Loved the article. Pardon my ignorance but I still don't know who Trishanku was. Praps u could enlighten me?

August 31, 2006
06:08 PM

trishanku is apt

in the end little matters - bihari-mullu-punjoo-ghati-hindu-muslim-sikh-christian-nationlaity

in the end it dawns we're all temporal


September 1, 2006
03:35 AM

This Trishanku aspect applies to most of us - whether we are in India or elsewhere in the world. Growing up in Chennai, I felt I belonged there - but when I visited my dad's village, I felt torn - like I should belong to these people, this village but not really, cos I am a Madrasi.
Now, I still am a Madrasi, though Brentwood has its influences on me.
These are all the minor things - the core of what we are has got nothing to do with where we come from or where we end up.

October 6, 2006
07:39 PM

I loved this book. I just finished it last night. Thanks for the nice review!
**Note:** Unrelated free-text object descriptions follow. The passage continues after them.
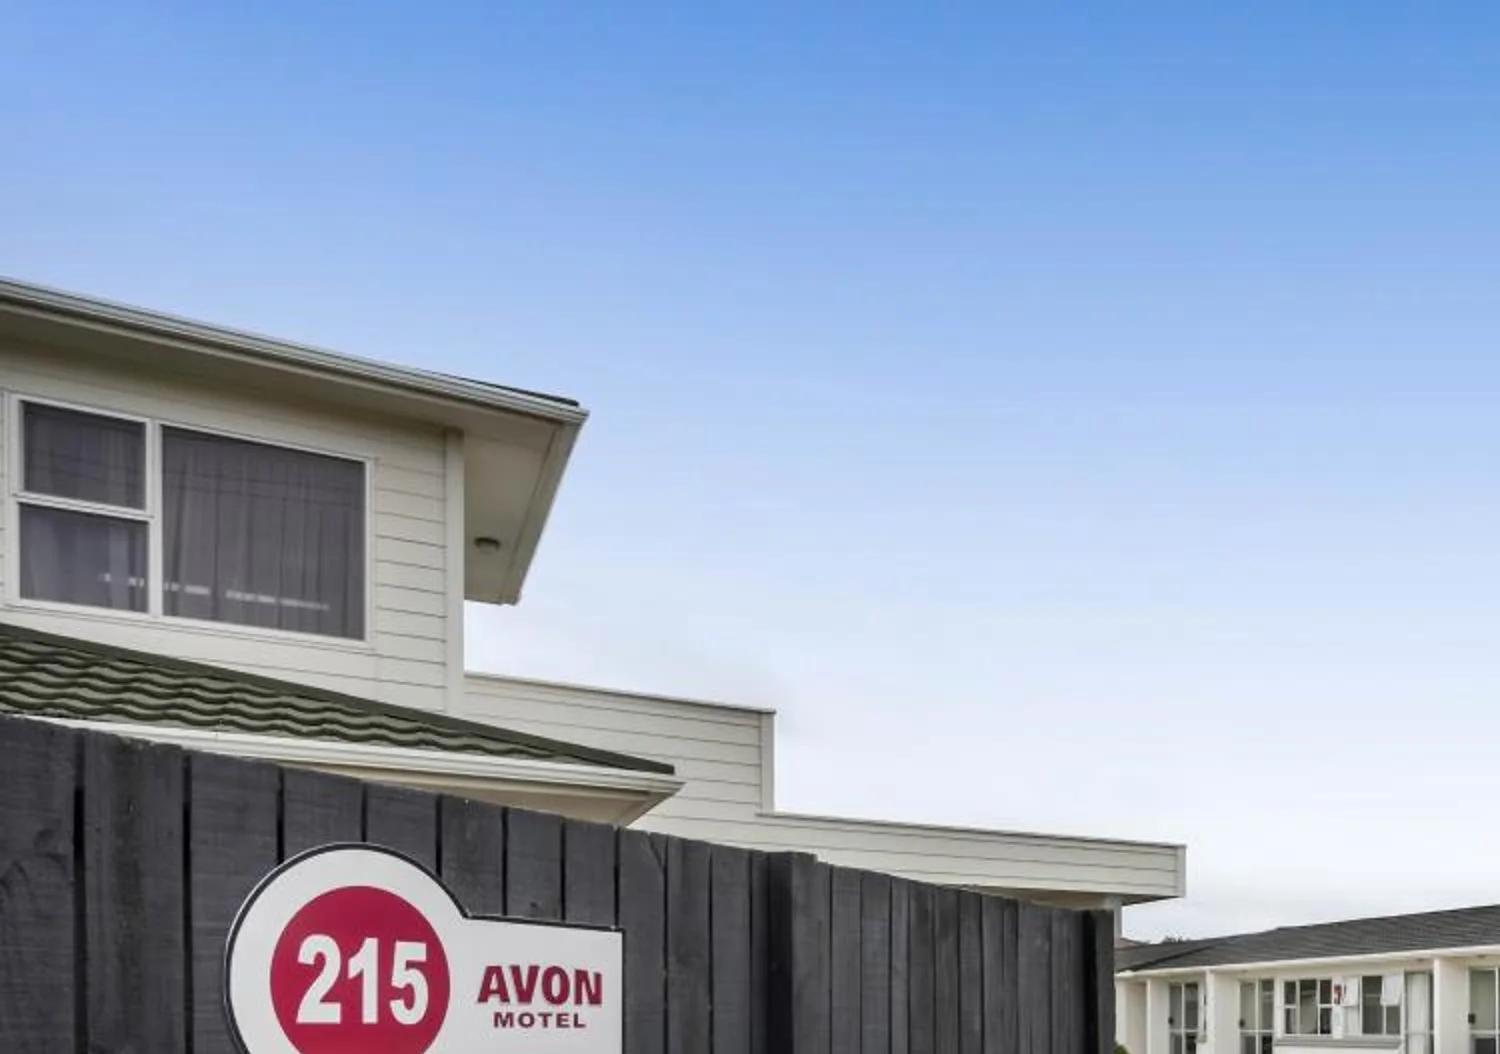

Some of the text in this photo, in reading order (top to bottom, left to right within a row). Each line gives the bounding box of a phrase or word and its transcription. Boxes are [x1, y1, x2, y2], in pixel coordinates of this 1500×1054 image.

[296, 933, 430, 1025] 215
[478, 964, 602, 1007] AVON
[494, 1011, 586, 1029] MOTEL
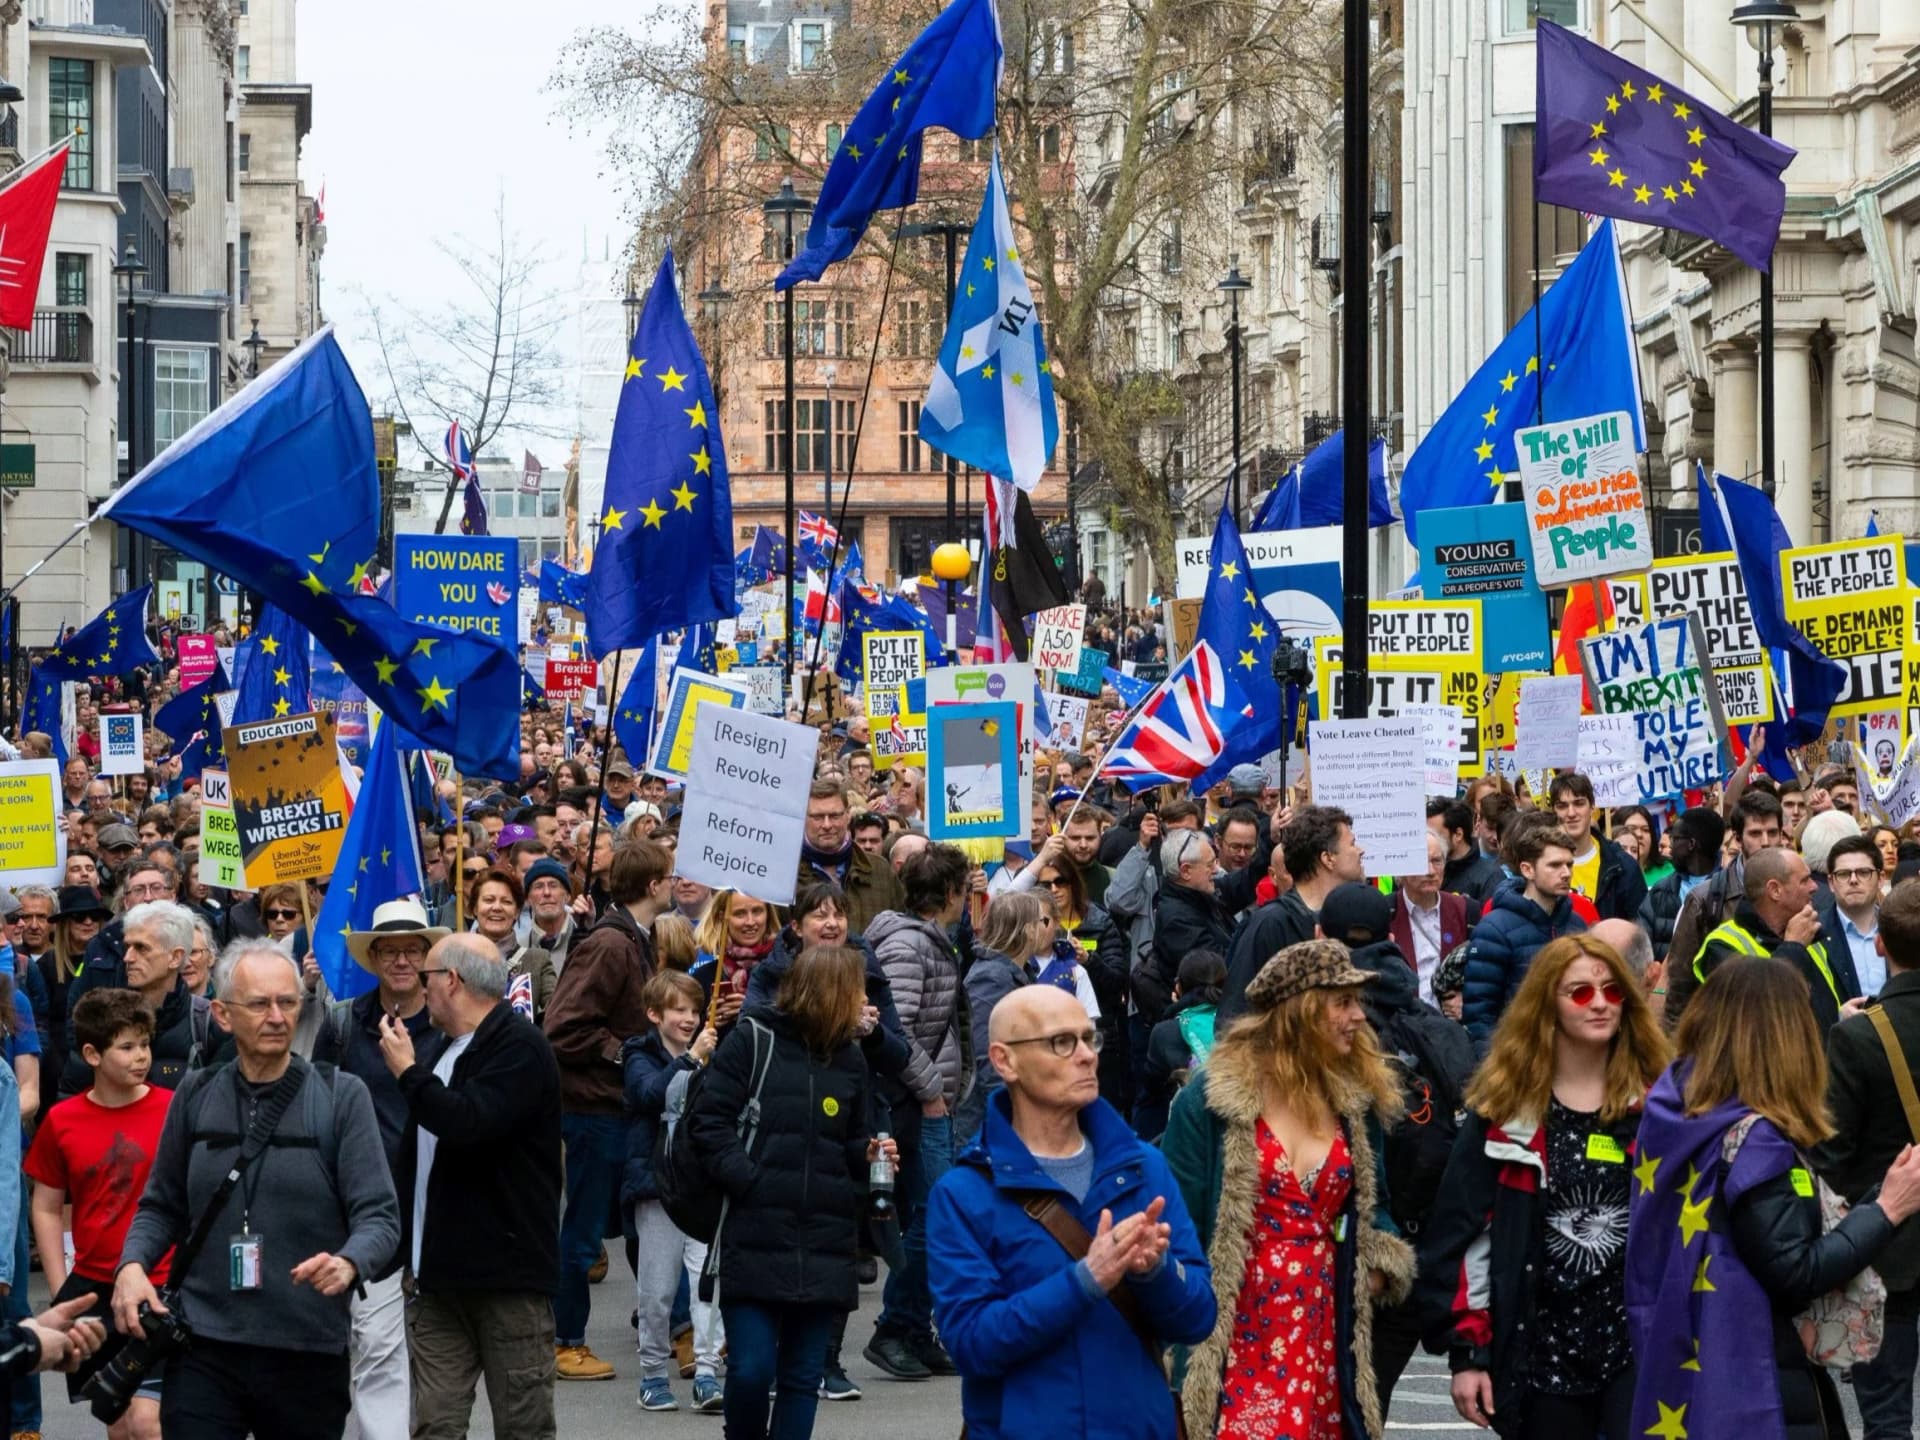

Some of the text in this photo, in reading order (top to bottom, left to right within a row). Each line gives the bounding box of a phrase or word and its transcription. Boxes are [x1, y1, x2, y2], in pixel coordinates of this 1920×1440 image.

[1522, 430, 1570, 463] The
[1561, 452, 1588, 479] of
[1537, 470, 1638, 512] a few rich
[1549, 516, 1637, 569] People
[1674, 528, 1702, 554] 16
[411, 550, 505, 572] HOW DARE
[1184, 545, 1293, 567] REFNDUM
[1440, 542, 1509, 562] YOUNG
[1445, 561, 1528, 578] CONSERVATIVES
[1792, 548, 1892, 582] PUT IT TO
[440, 583, 476, 603] YOU
[1440, 579, 1524, 594] FOR A PEOPLE'S VOTE
[1652, 565, 1747, 603] PUT IT
[1794, 570, 1894, 599] THE PEOPLE
[1697, 596, 1751, 628] THE
[1826, 605, 1903, 635] DEMAND
[1368, 612, 1469, 635] PUT IT TO
[869, 638, 918, 654] PUT IT
[1368, 635, 1470, 652] THE PEOPLE
[1587, 618, 1688, 685] I'M 17
[1812, 627, 1903, 656] PEOPLE'S
[869, 654, 918, 670] TO THE
[1039, 651, 1073, 668] NOW!
[1501, 651, 1545, 663] #YC4PV
[1740, 655, 1761, 665] VOTE
[554, 663, 593, 674] Brexit:
[564, 676, 583, 686] is it
[1067, 675, 1095, 689] NOT
[1406, 677, 1435, 704] IT
[1602, 667, 1702, 714] BREXIT
[547, 689, 581, 698] worth
[1750, 687, 1758, 701] A
[1727, 702, 1760, 718] VOTE
[241, 719, 315, 742] EDUCATION
[1870, 714, 1885, 729] OF
[1888, 714, 1898, 730] A
[714, 720, 787, 759] [Resign]
[875, 731, 892, 744] PUT
[1316, 730, 1339, 740] Vote
[1341, 730, 1372, 739] Leave
[1374, 726, 1415, 737] Cheated
[1484, 723, 1504, 742] 19
[877, 742, 926, 755] THE EOPL
[1592, 739, 1613, 756] IS
[1643, 733, 1689, 765] MY
[715, 757, 782, 790] Revoke
[8, 795, 34, 805] BORN
[205, 779, 227, 801] UK
[260, 800, 323, 825] BREXIT
[10, 824, 52, 834] WE HAVE
[246, 813, 341, 844] WRECKS IT
[707, 812, 774, 845] Reform
[205, 839, 242, 858] WREC
[272, 849, 301, 861] Liberal
[274, 856, 323, 870] Democrats
[703, 845, 768, 878] Rejoice
[221, 867, 235, 882] IT
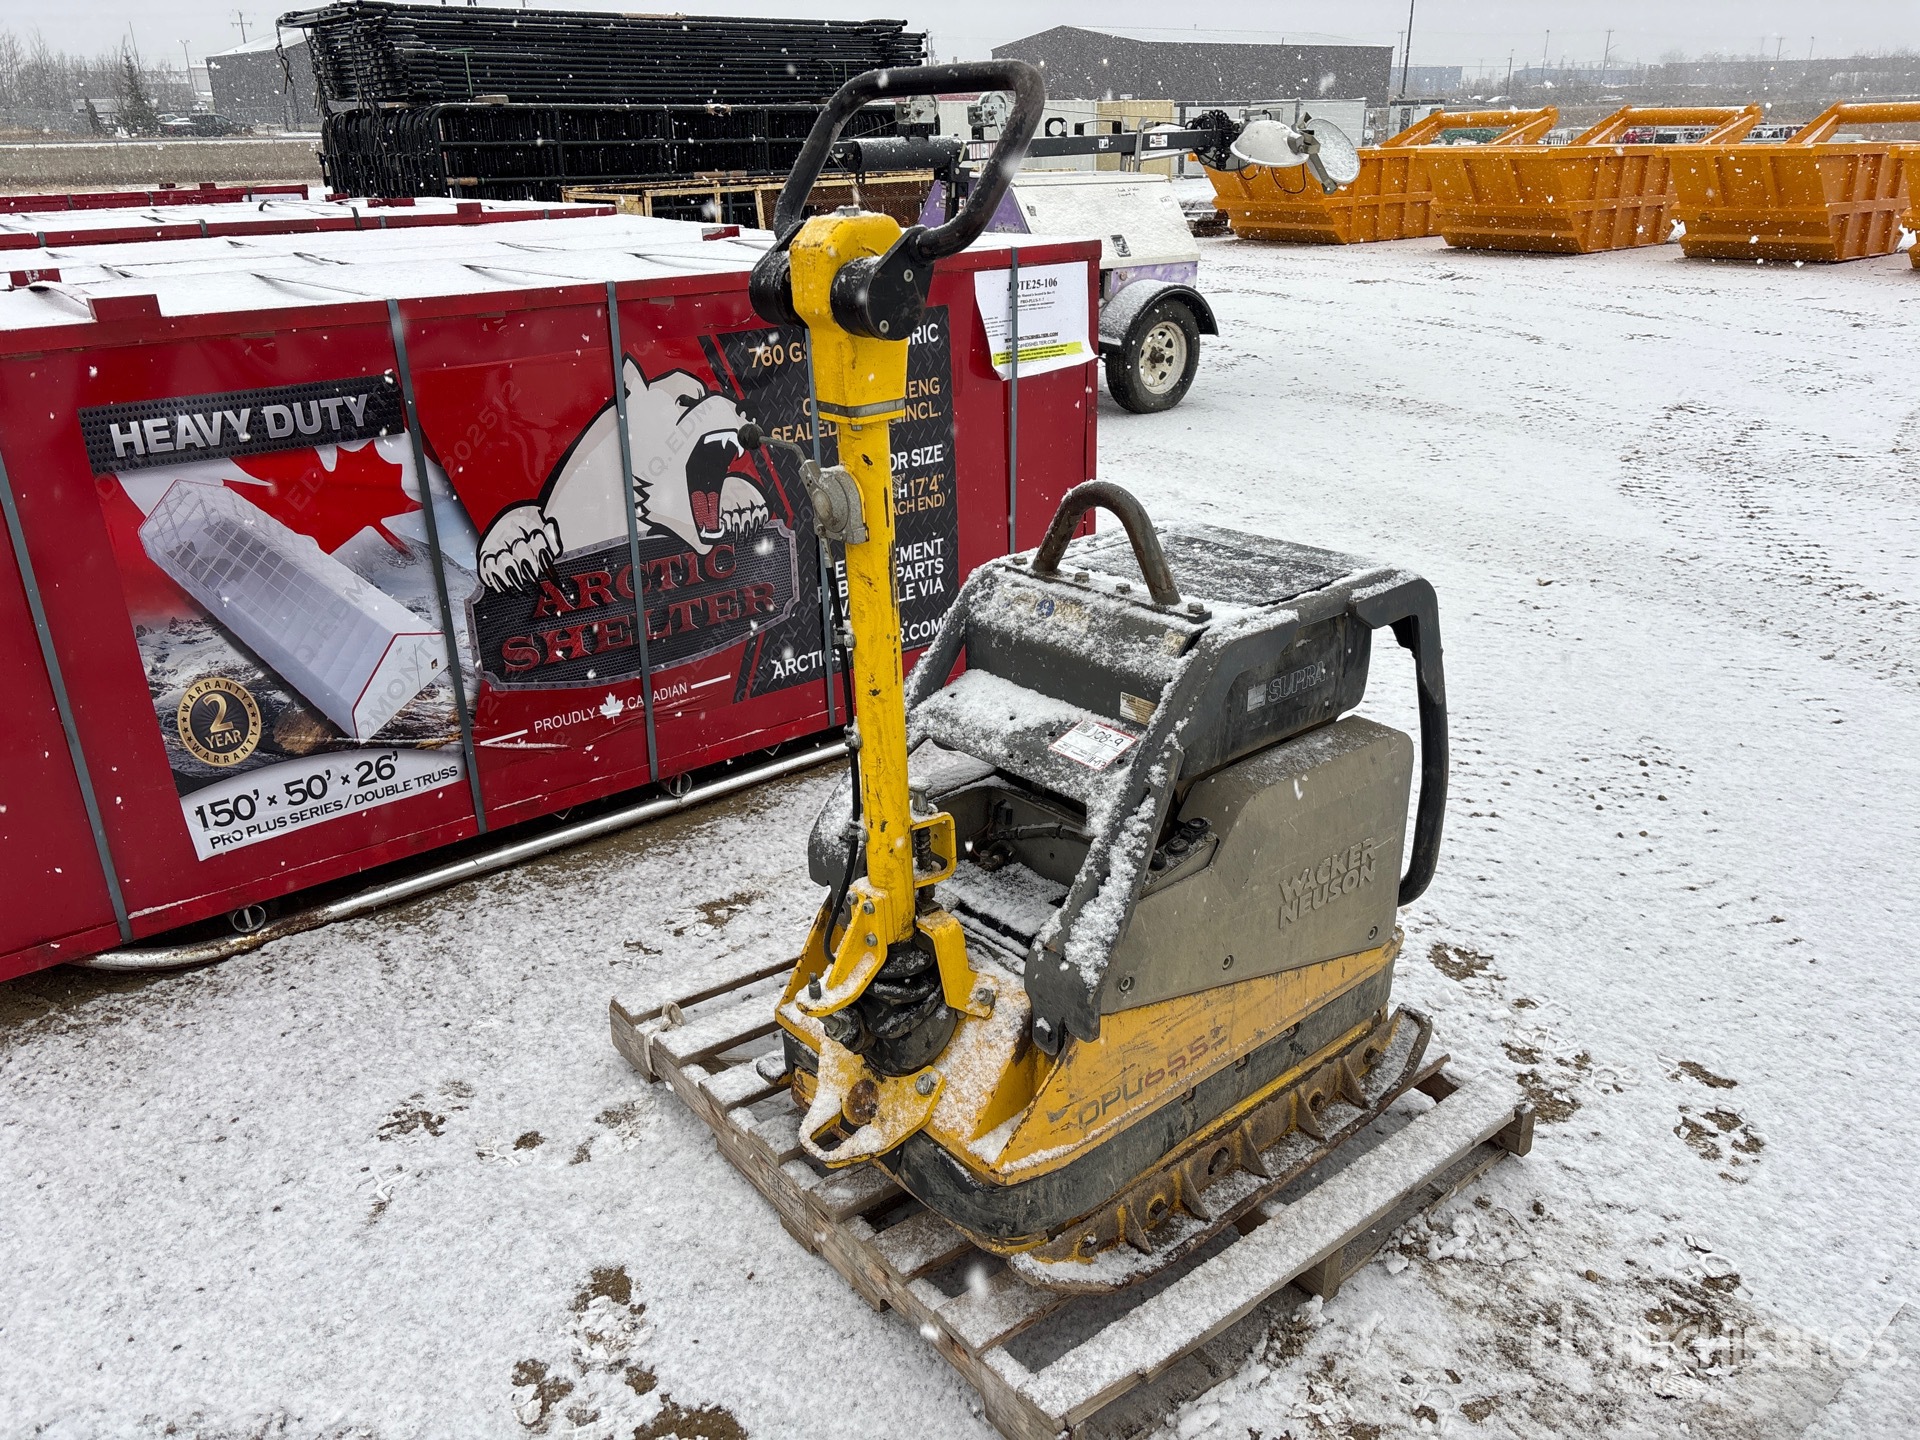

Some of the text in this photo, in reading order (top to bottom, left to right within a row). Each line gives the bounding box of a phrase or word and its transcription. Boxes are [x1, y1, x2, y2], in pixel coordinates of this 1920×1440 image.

[1006, 277, 1058, 292] JTE25-106
[908, 323, 939, 346] RIC
[748, 344, 785, 369] 760
[109, 394, 369, 459] HEAVY DUTY
[911, 443, 944, 468] SIZE
[918, 491, 946, 512] END)
[533, 543, 738, 619] ARCTIC
[896, 558, 944, 582] PARTS
[919, 576, 944, 597] VIA
[500, 581, 780, 674] SHELTER
[182, 680, 248, 713] WARRANTY
[1268, 661, 1326, 703] SUPRA
[202, 693, 234, 733] 2
[533, 681, 689, 734] PROUDLY CAADIAN
[192, 730, 258, 764] WARRANTY
[205, 729, 243, 750] YEAR
[194, 789, 260, 833] 150'
[283, 769, 332, 807] 50'
[355, 750, 399, 789] 26'
[209, 829, 244, 850] PRO
[247, 816, 288, 839] PLUS
[414, 765, 459, 788] TRUSS
[1279, 837, 1376, 903] WACKER
[1279, 860, 1376, 930] NEUSON
The closest I could find to finding myself in here was the author, mostly identifying with his sense of distance from the place and characters, yet his fascination in understanding and explaining their lives.

Babban Jee
March 2, 2009
01:06 AM

Dear Gaurav Mishra

Thanks for re-narrating my story on you blog.

"Babban Jee: A Run away poet"

Babban Jee
March 2, 2009
01:07 AM

Dear Gaurav Mishra

Thanks for re-narrating my story on your blog.

"Babban Jee: A Run away poet"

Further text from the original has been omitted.